I just ran into this this week implementing a socket library in CLIPS. I used Berkley sockets, and before that I had only worked with higher-level languages/frameworks that abstracts a lot of these concerns away. I was quite confused when Firefox would show a "connection reset by peer." It didn't occur to me it could be an issue "lower" in the stack. `tcpdump` helped me to observe the port and I saw that the server never sent anything before my application closed the connection.
I just made CLIPSockets public, which is a culmination of learning I've taken from trying to make web applications using primarily CLIPS. Thought I'd bump it here:
Holy moly. I had my suspicions Magic would be a good candidate for something like CLIPS when it comes to software implementation. Do you have a source for that info? What an amazing bug.
The source for them using CLIPS is a conversation I had with Arena team lead Ian Adams in a Magic-community Discord.
The source for the bug is a video WotC did that I can't find right now that featured the Arena team talking about developing Kaldheim - the bug came from the card Alrund, God of the Cosmos.
> So first, a quick summary of how the rules engine works. When a game of Magic is in progress on MTG Arena, the program that is tracking the state of the game and enforcing all the rules-correct card interactions is called the Game Rules Engine (GRE). It's one of the two main programs that we work on. It's written in a combination of C++ and a language called CLIPS, which is a variant of LISP.
The only way I've found to back up the claims: try to prove them myself :)

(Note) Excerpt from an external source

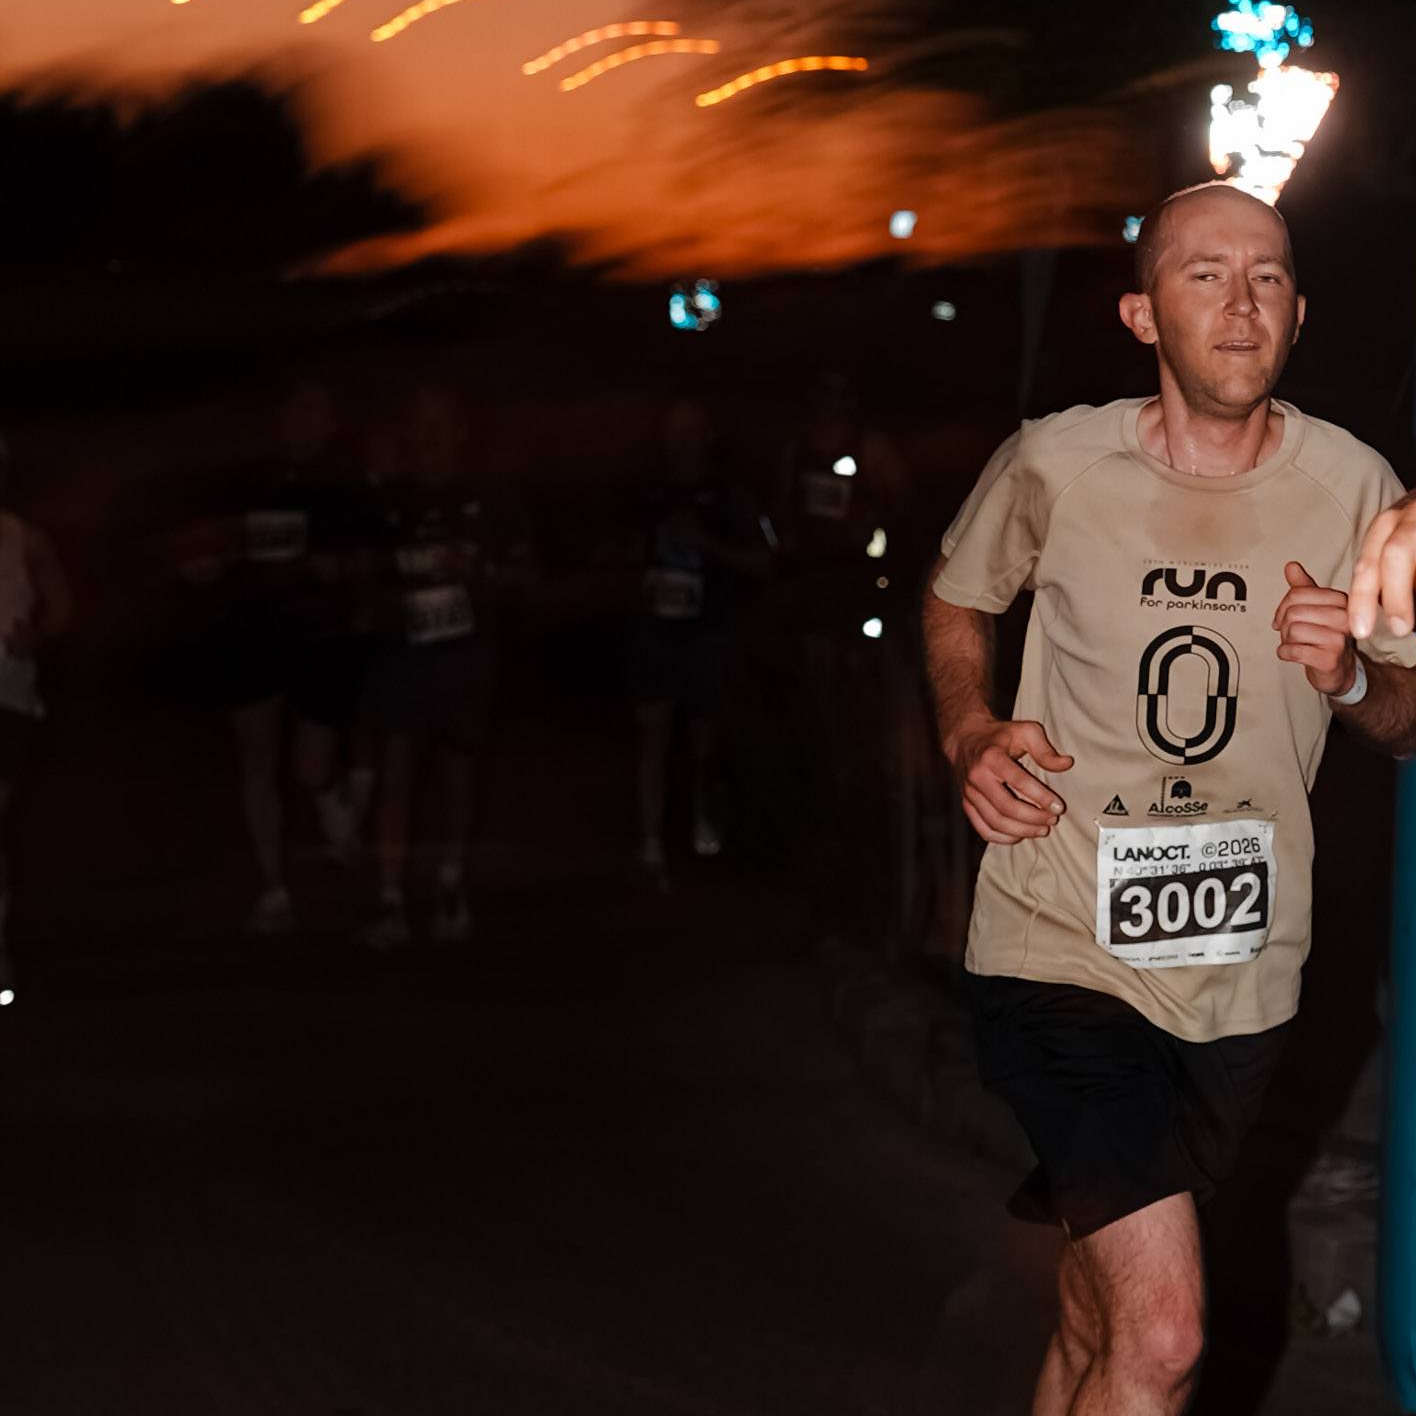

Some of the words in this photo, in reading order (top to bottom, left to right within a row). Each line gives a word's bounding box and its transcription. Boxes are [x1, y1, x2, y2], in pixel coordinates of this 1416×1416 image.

or at least attempt to. I'm fairly convinced CLIPS is an unexplored middle-ground answer to conversations around "does our company really need AI/ML? SQL is enough."

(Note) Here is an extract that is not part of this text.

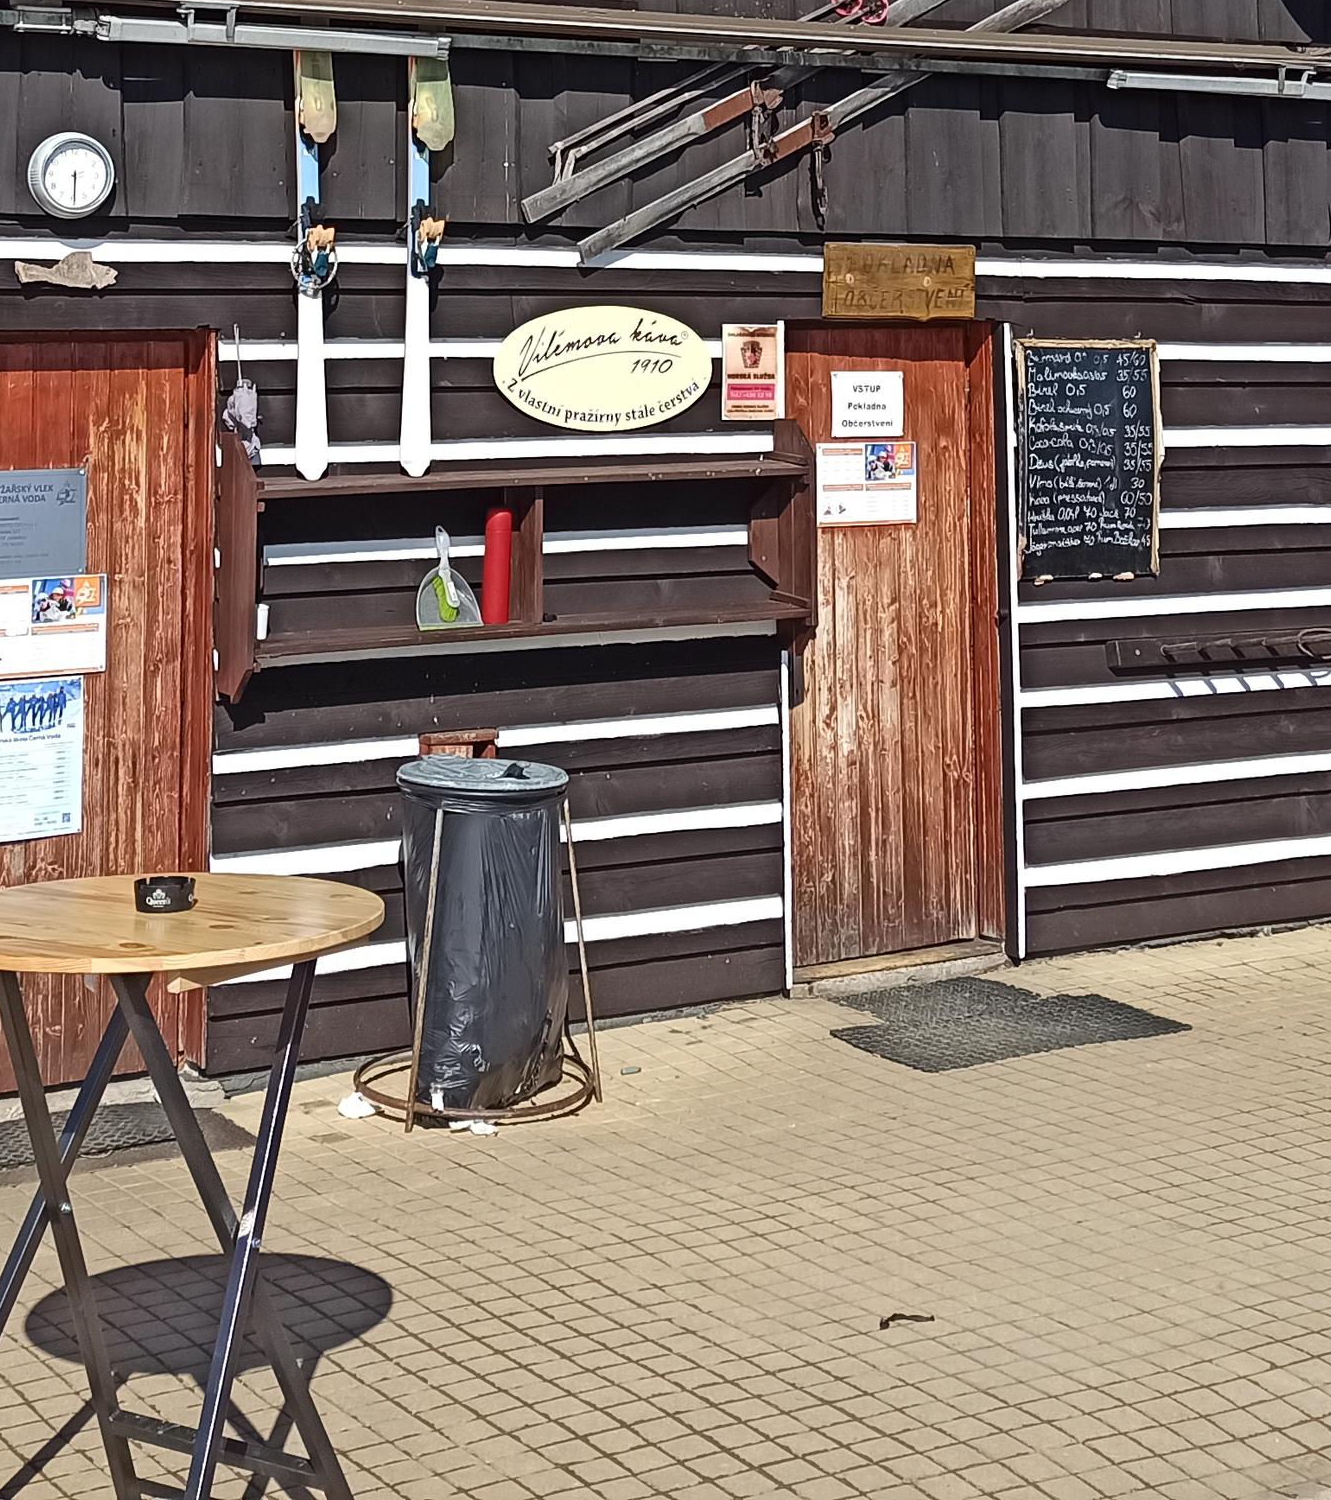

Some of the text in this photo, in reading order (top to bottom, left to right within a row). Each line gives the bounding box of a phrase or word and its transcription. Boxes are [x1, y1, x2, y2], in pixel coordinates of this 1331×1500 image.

I also see CLIPS as a declarative abstraction around our classic imperative CRUD applications. It exposes abstract concepts within the language that we end up implementing ourselves, like application caches (working memory), pattern matchers (LHS of Rules), and permission systems (in CLIPS, the object-oriented concepts known as "COOL" list User as a separate object inheritance chain from the other objects).

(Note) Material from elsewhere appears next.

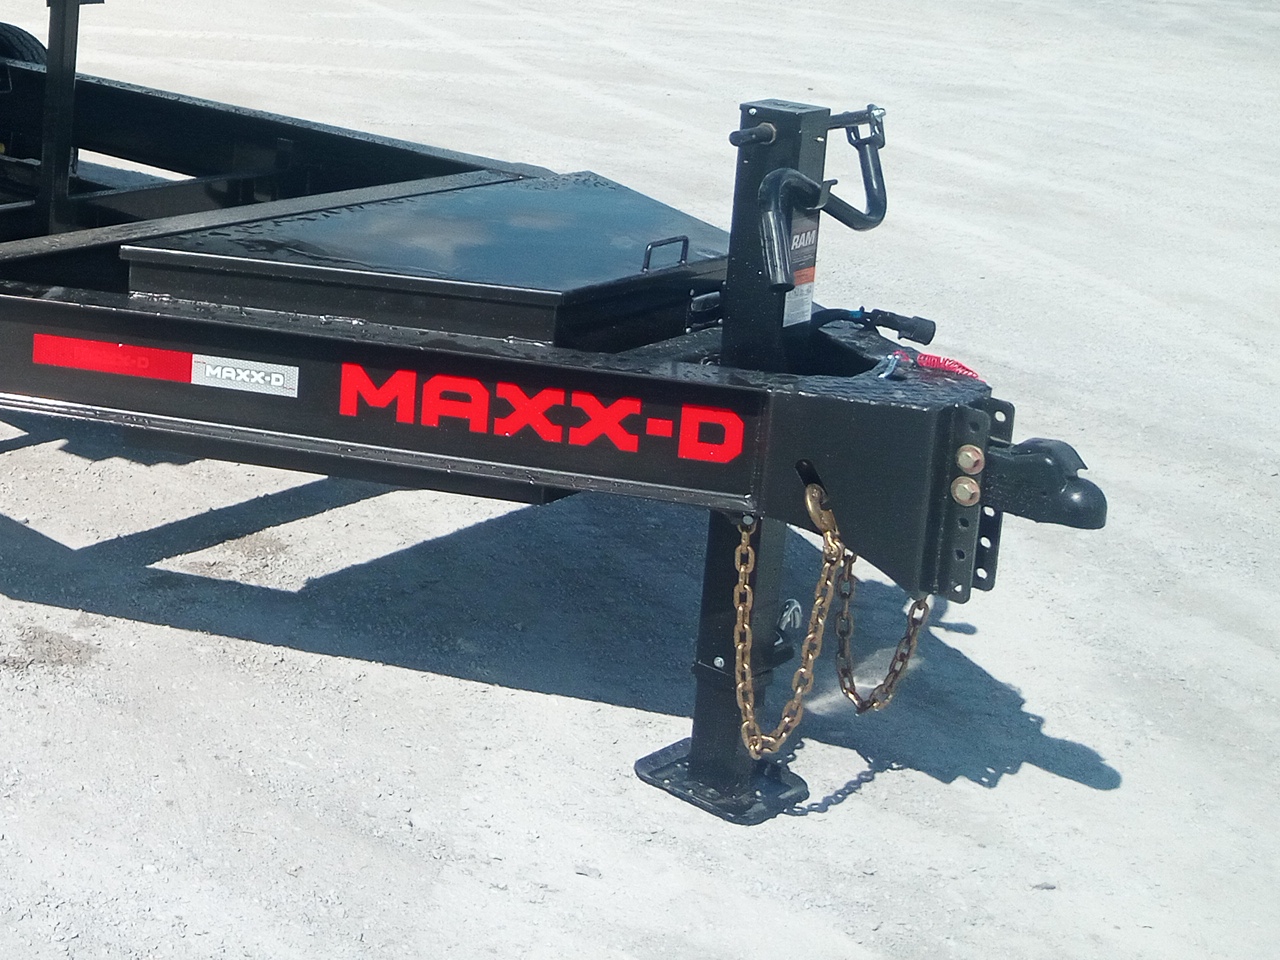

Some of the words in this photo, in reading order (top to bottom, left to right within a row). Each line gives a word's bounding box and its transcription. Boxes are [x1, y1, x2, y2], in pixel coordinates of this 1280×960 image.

Consider PostgreSQL, a popular database that one could consider a Rules Engine:
1. records stored in tables can be implemented with facts in working memory
2. constraints, foreign keys, views, and other abstractions that come with RDBMSs which we slowly replicate within our application layer over time can be implemented with defrules
3. and you can even add "Rules" (https://www.postgresql.org/docs/current/sql-createrule.html) proper in psql
From this, we could conclude PostgreSQL is an example of an application you can build with a rules engine. However, the ambitions of CLIPS is to be a tool used for creating "Expert Systems." Whenever I bring up that term with other people, I'm met with:
1. blank stares
2. scoffs
regardless of their profession.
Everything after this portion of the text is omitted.